State v. Holt

965 S.W.2d 496, 1997 Tenn. Crim. App. LEXIS 1325, 1997 WL 789893
CourtCourt of Criminal Appeals of Tennessee
DecidedDecember 23, 1997
Docket03C01-9603-CC-00122
StatusPublished
Cited by3 cases

This text of 965 S.W.2d 496 (State v. Holt) is published on Counsel Stack Legal Research, covering Court of Criminal Appeals of Tennessee primary law. Counsel Stack provides free access to over 12 million legal documents including statutes, case law, regulations, and constitutions.

Bluebook
State v. Holt, 965 S.W.2d 496, 1997 Tenn. Crim. App. LEXIS 1325, 1997 WL 789893 (Tenn. Ct. App. 1997).

Opinion

OPINION

SMITH, Judge.

A Greene County Criminal Court jury found Appellant, William Lynn Holt, guilty of theft of property valued over $10,000 and under $60,000. Appellant was sentenced to six years in the Tennessee Department of Correction and fined $10,000. On appeal, Appellant presents the following issues for review:

1) whether the evidence presented at trial was insufficient as a mater of law to support the jury verdict of theft of property valued between $10,000 and $60,000;
2) whether the trial court erred in denying the defense request for a jury instruction on joyriding as a lesser included offense;
3) whether the trial court erred in not giving the jury instruction set out by the Tennessee Supreme Court in State v.

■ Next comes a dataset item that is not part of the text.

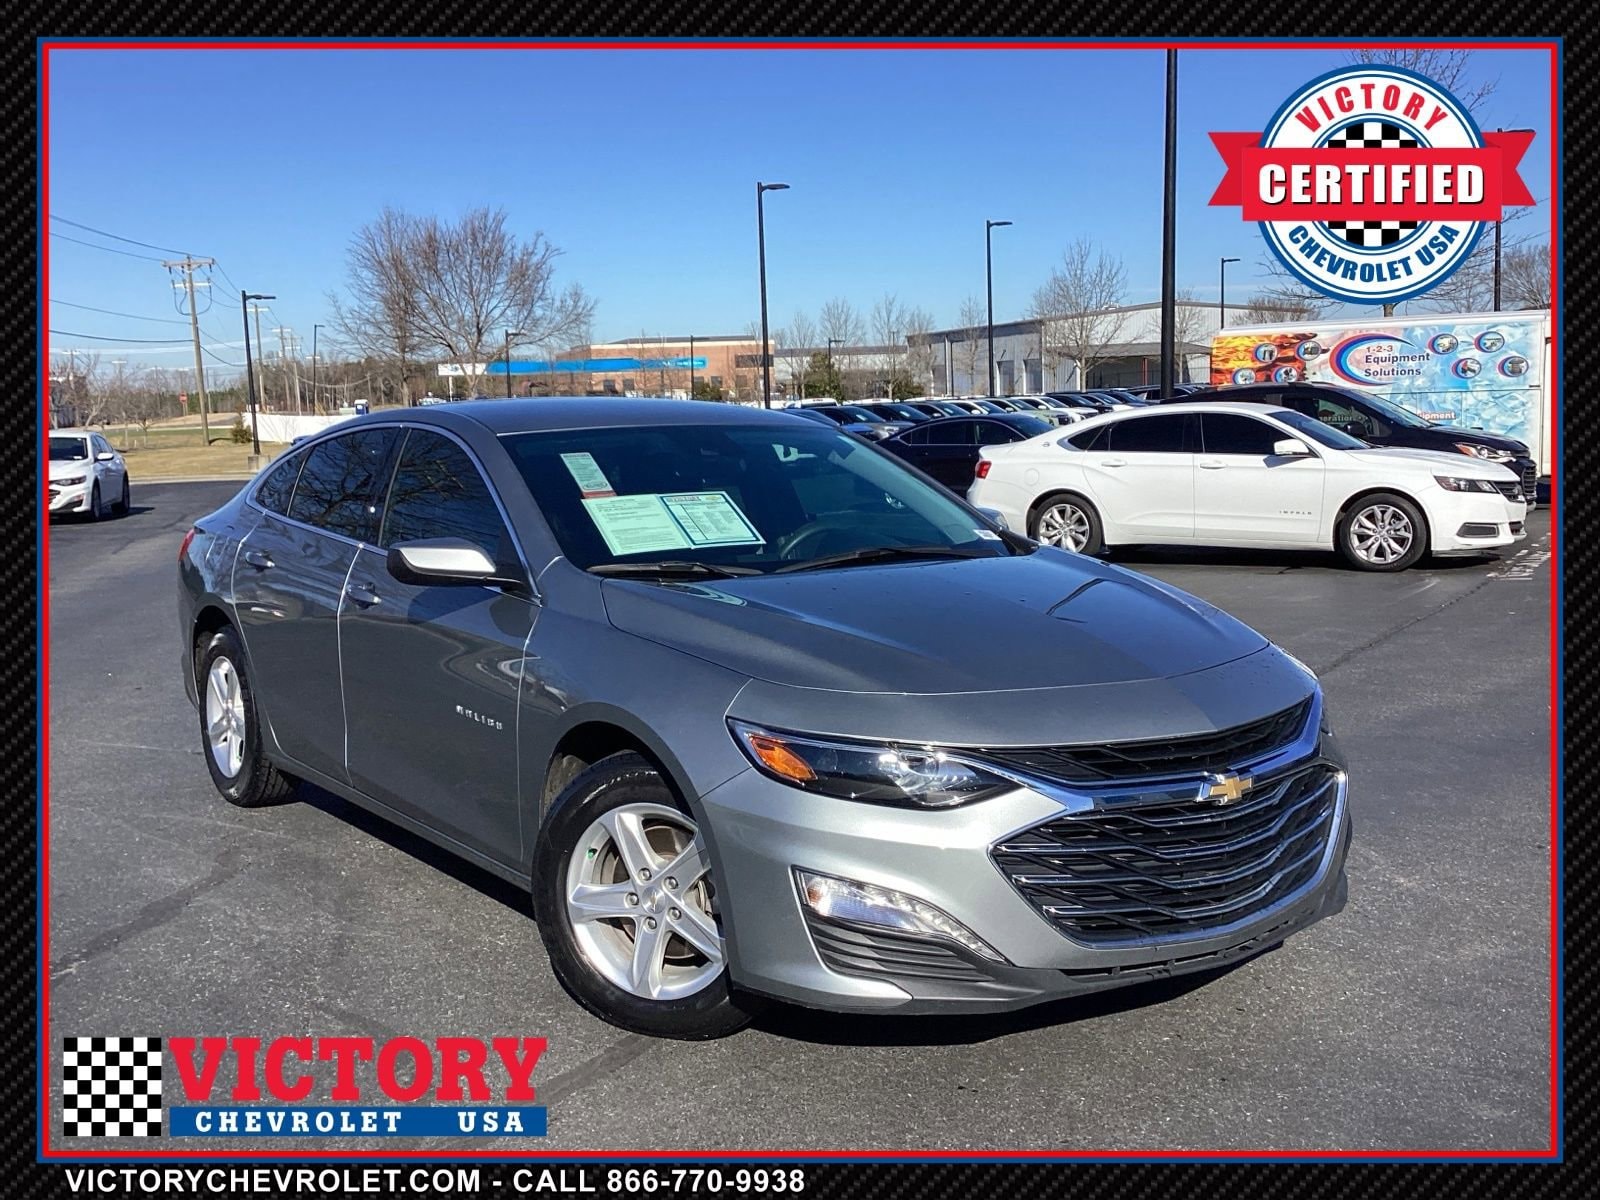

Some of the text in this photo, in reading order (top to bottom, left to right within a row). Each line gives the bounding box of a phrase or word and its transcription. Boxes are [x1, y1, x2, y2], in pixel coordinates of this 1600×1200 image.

[1366, 345, 1394, 353] 1-2-3
[1365, 352, 1431, 365] Equipment
[1364, 367, 1422, 377] Solutions

Dyle, 899 S.W.2d 607 (Tenn.1995); regarding eyewitness identification.

After a review of the record, we affirm the judgment of the trial court.

FACTUAL BACKGROUND

The evidence presented at trial established that in early June, 1995, Appellant and three other people worked at the home of J.C. Jones, painting the Jones home. Mr. Jones testified that at that time he owned a 1964 yellow Corvette convertible automobile, which he kept hidden behind his house. On June 8, the Jones family left for a vacation without having given anyone permission to drive the ear. They were informed later that week that the automobile had been stolen and burned. Mr. Jones testified that the car had a fair market value of at least $25,000.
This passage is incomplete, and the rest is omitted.